Risk of bias measured by the QUADAS‐2 tool is reported in Table S5. All studies were at low risk of bias, based on low risk of applicability concerns for the index test, reference standard, and flow and timing. However, the risk of bias for patient selection was high for 4 studies, due to exclusion of women with chronic hypertension or proteinuria at baseline. 7 , 8 , 10 , 14
Characteristics of participants are presented in Table S6. Women were ≈30 years of age with an early pregnancy body mass index of ≈21.5 kg/m2 in unselected pregnancy cohorts, and 29.9 kg/m2 for studies including participants with hypertension. Only 1 study described ethnicity, but 4 studies were from East Asian countries. 7 , 8 , 10 , 14 No studies reported on smoking status or alcohol consumption during pregnancy. Only 1 study included multiple births, 7 although no study specifically excluded them. Three studies reported on antihypertensive medication use among women with hypertension. 9 , 12 , 13 On average, women gave birth at term.

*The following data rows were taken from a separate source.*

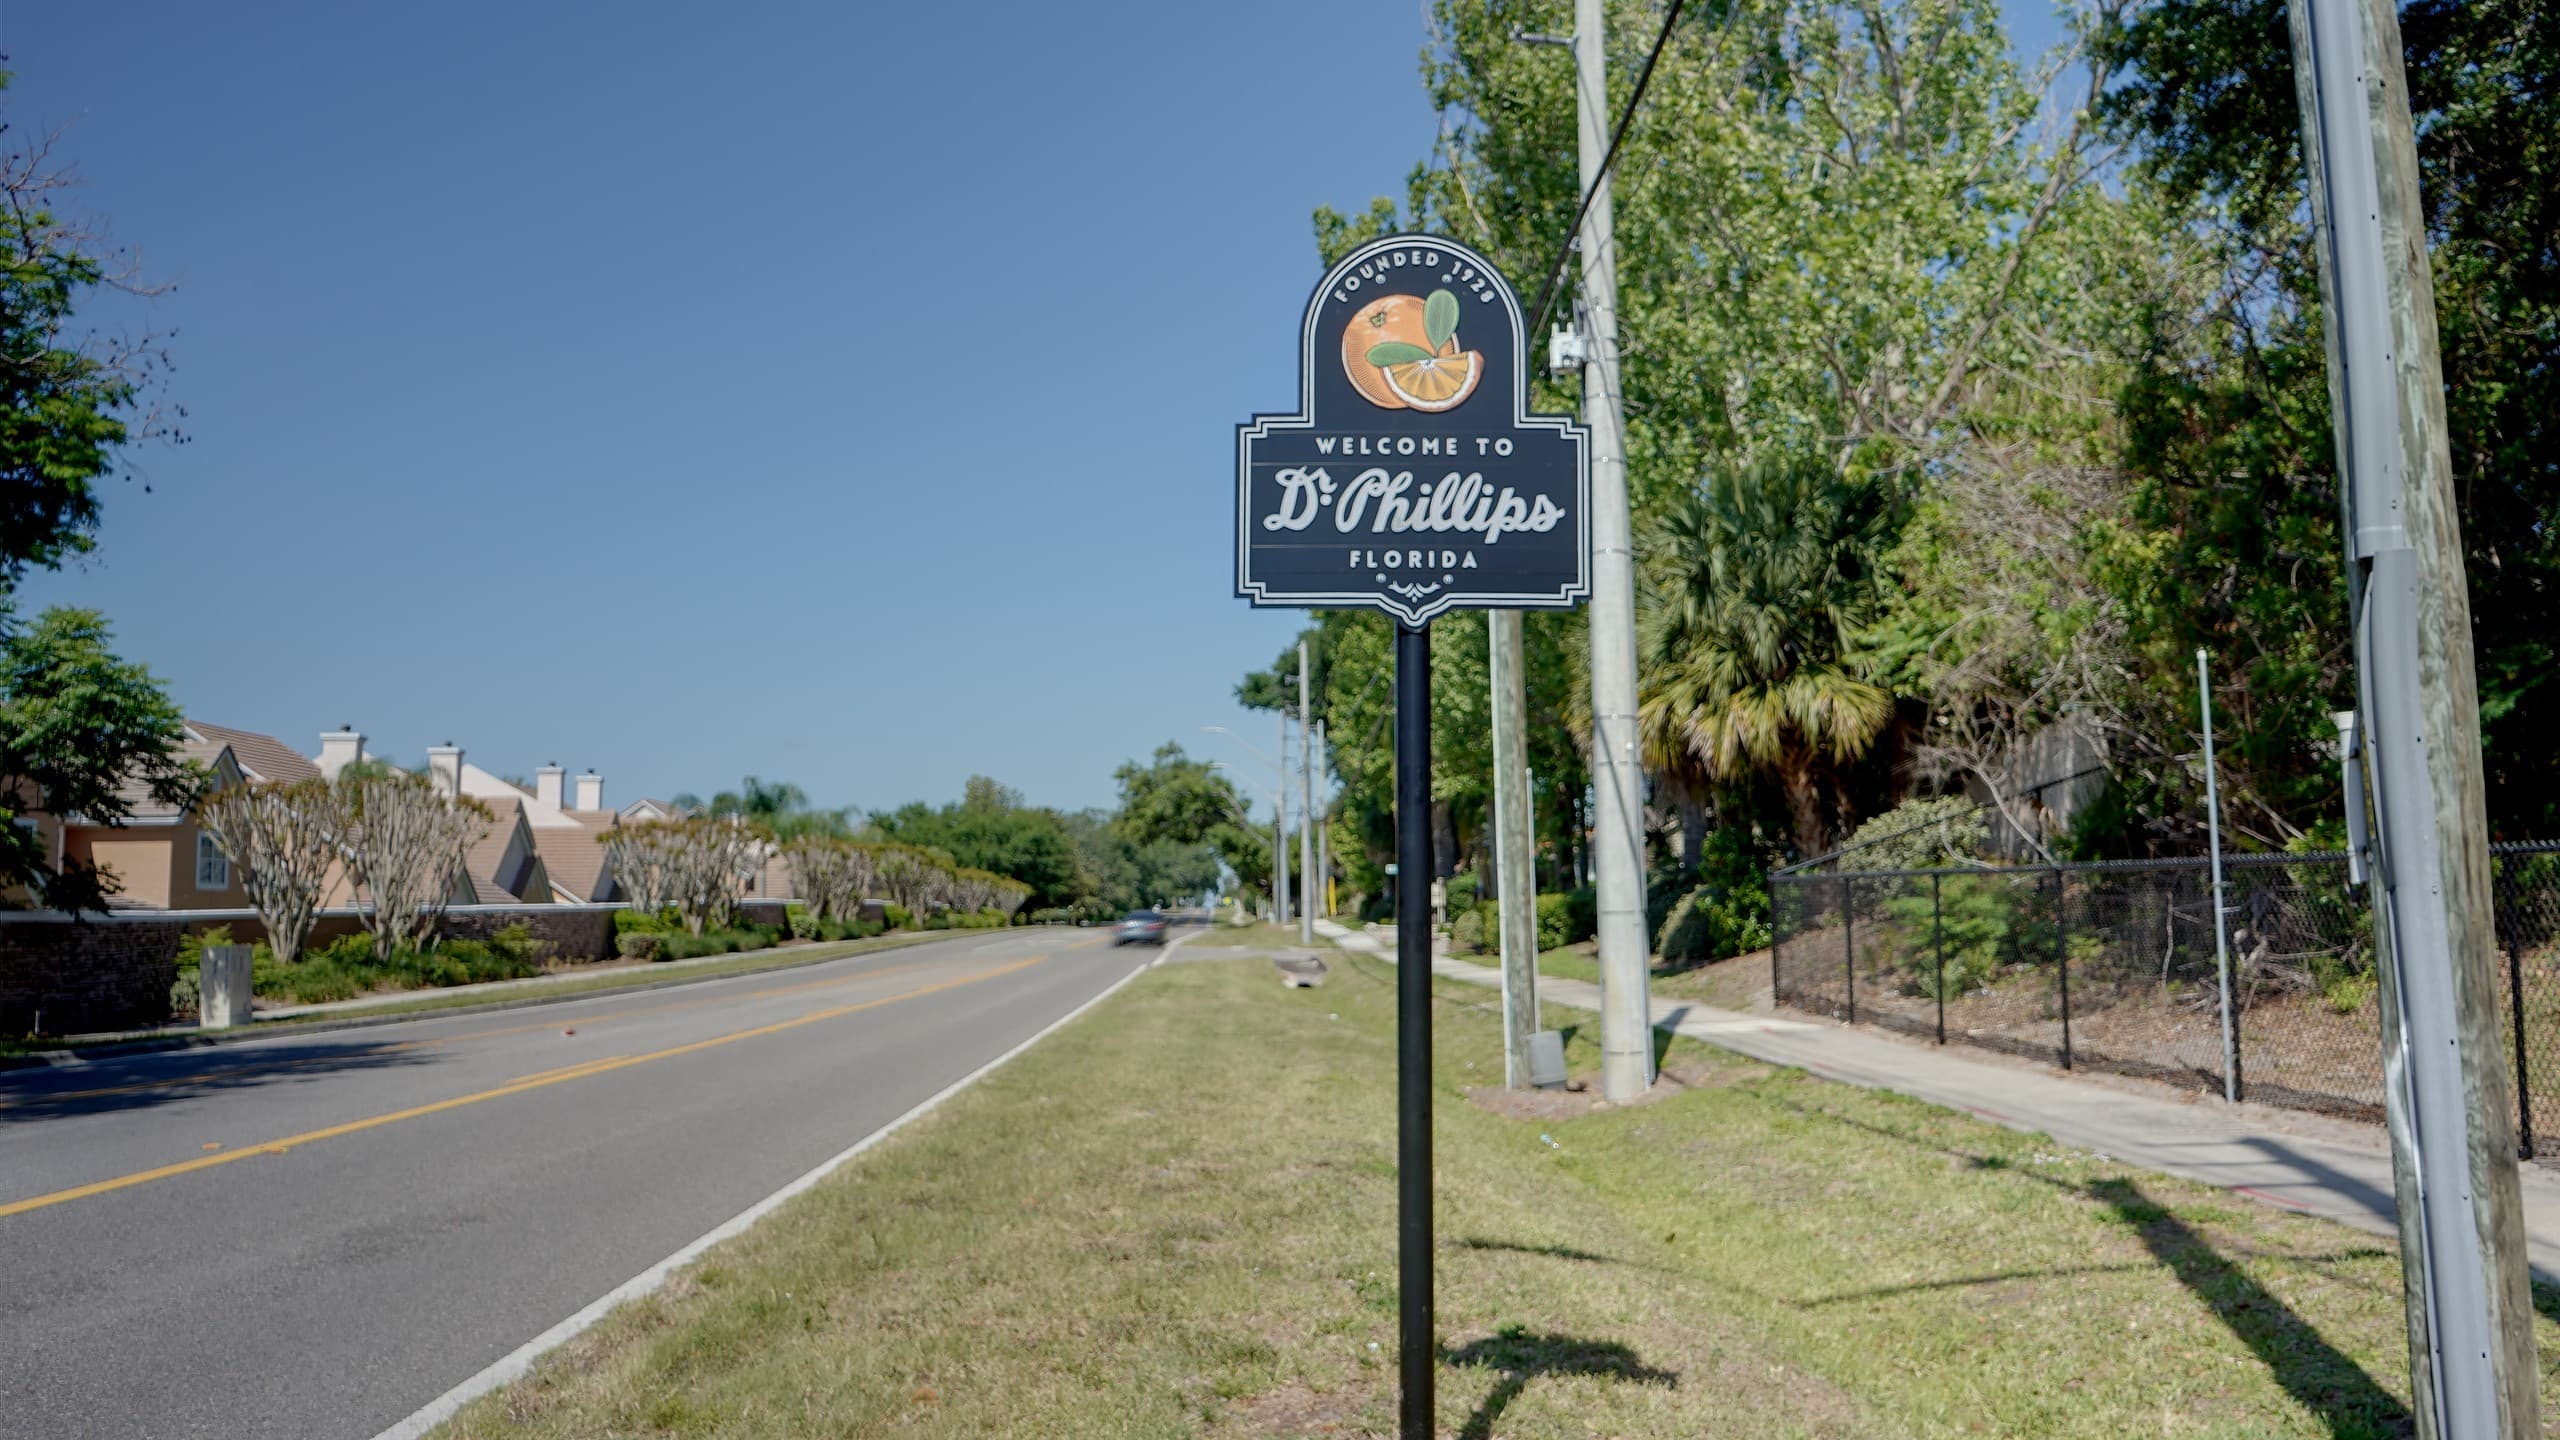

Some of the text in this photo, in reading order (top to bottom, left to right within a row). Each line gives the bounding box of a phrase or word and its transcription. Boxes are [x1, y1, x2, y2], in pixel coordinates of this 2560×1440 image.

[1334, 251, 1496, 304] FOUNDED 1928
[1315, 436, 1514, 456] WELCOME TO
[1335, 467, 1566, 544] Phillips
[1350, 550, 1478, 569] FLORIDA
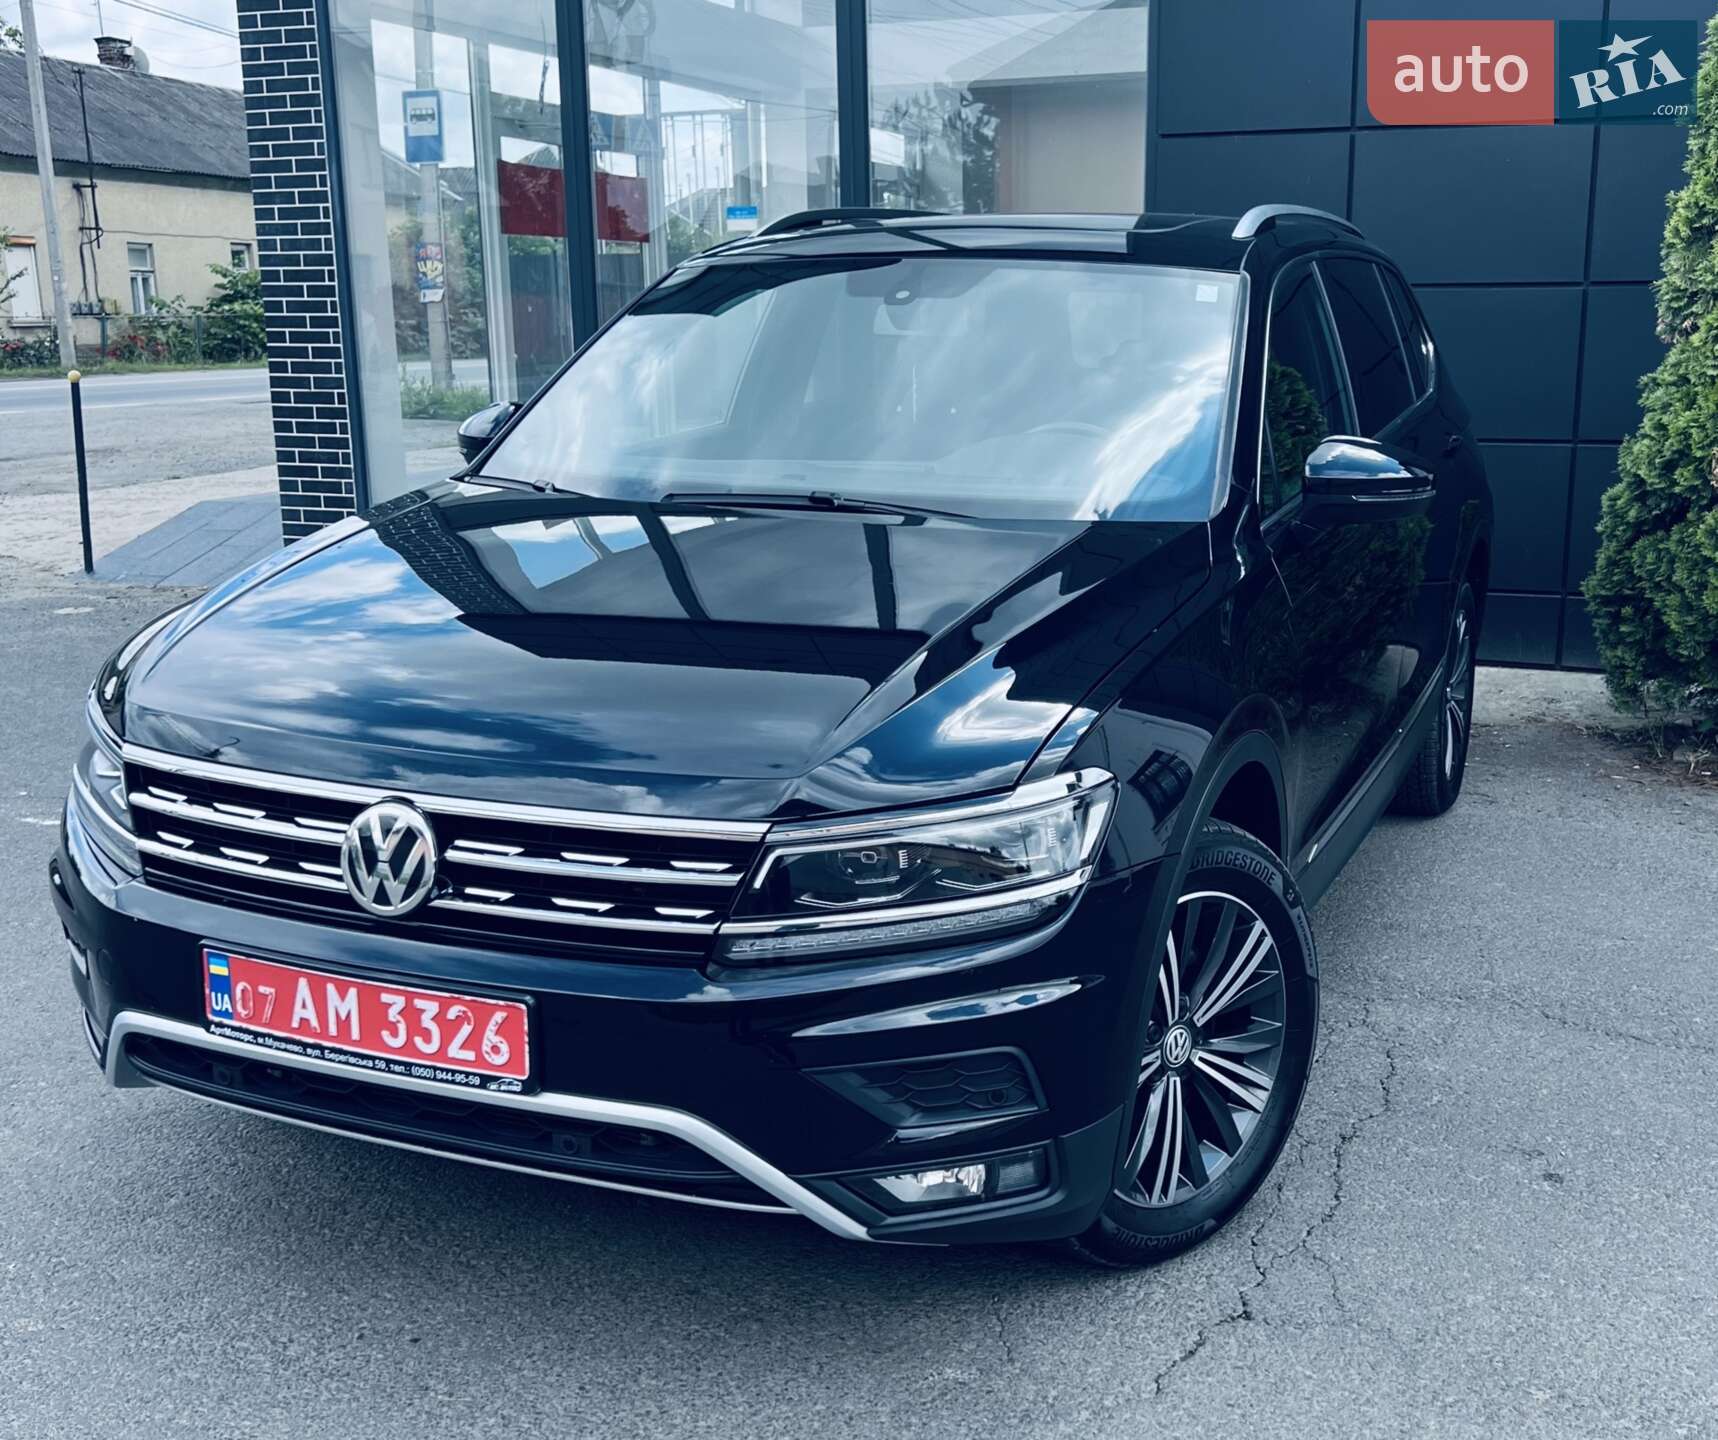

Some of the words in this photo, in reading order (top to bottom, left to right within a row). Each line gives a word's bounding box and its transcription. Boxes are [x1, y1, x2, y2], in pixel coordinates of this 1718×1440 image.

[1191, 850, 1276, 886] BRIDGESTONE
[211, 991, 233, 1013] UA
[235, 981, 276, 1024] 07
[290, 976, 361, 1041] AM
[379, 993, 511, 1067] 3326
[411, 1065, 434, 1079] (050)
[435, 1070, 480, 1086] 944-95-59

BPV and Pregnancy Outcomes
BPV values are presented descriptively in Figure 2, with numeric details presented in Table S7. BPV appeared higher in hypertensive cohorts and those with preeclampsia specifically (Table S7), compared with normotensive or unselected pregnancy cohorts, among whom BPV was lowest. This pattern was true for systolic and diastolic BPV measures, although less clearly so with SD as a BPV measure for diastolic BP.
Figure 2. Mean BPV stratified by participant group.
Individual points represent mean values from individual studies. ARV indicates average real variability; BPV, blood pressure variability; and CV, coefficient of variation.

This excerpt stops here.